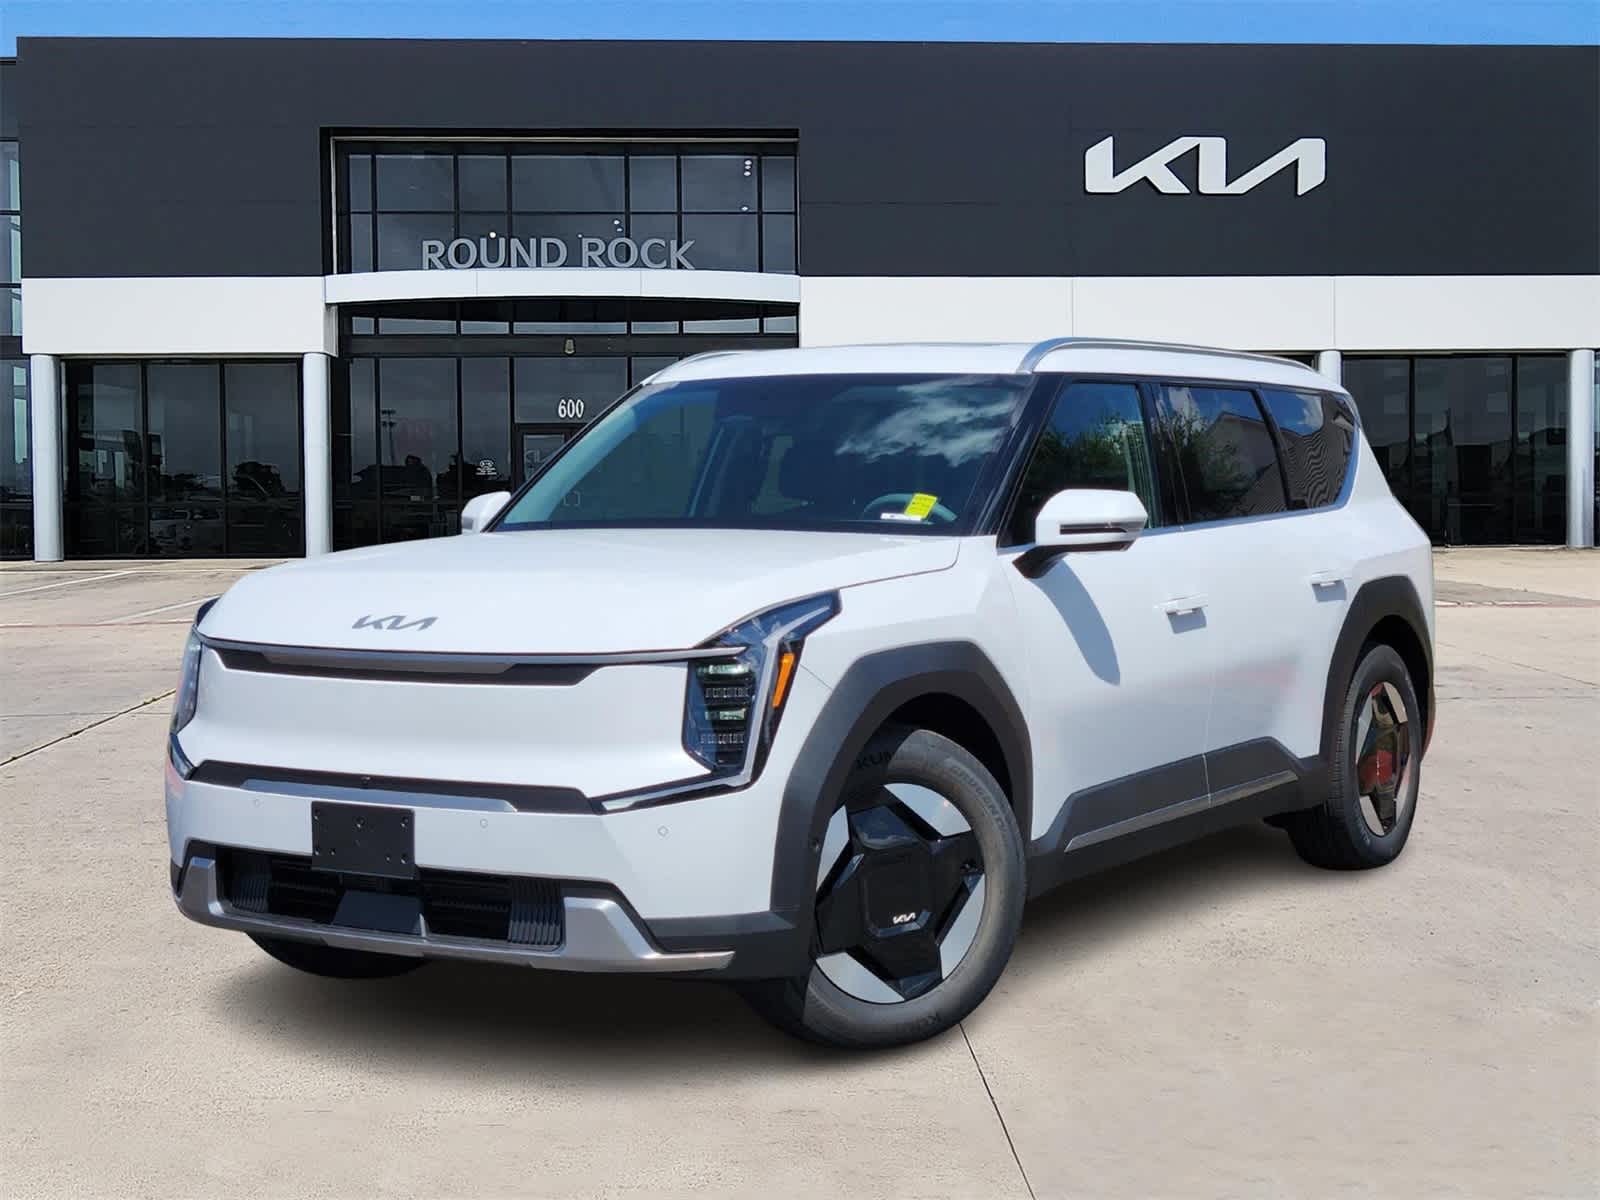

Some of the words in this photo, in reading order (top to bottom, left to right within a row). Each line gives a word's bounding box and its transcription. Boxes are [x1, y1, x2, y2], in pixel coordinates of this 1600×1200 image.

[1085, 136, 1326, 196] KIA
[422, 238, 568, 270] ROUND
[582, 237, 696, 270] ROCK
[558, 399, 585, 418] 600
[351, 615, 438, 631] KIA

_Your goal_.
The answer must be the listing above, restated word for word, with no images in it.

_Result below_.
Some of the words in this photo, in reading order (top to bottom, left to right within a row). Each line gives a word's bounding box and its transcription. Boxes are [x1, y1, x2, y2], in pixel coordinates of this 1600×1200 image.

[1085, 136, 1326, 196] KIA
[422, 238, 568, 270] ROUND
[582, 237, 696, 270] ROCK
[558, 399, 585, 418] 600
[351, 615, 438, 631] KIA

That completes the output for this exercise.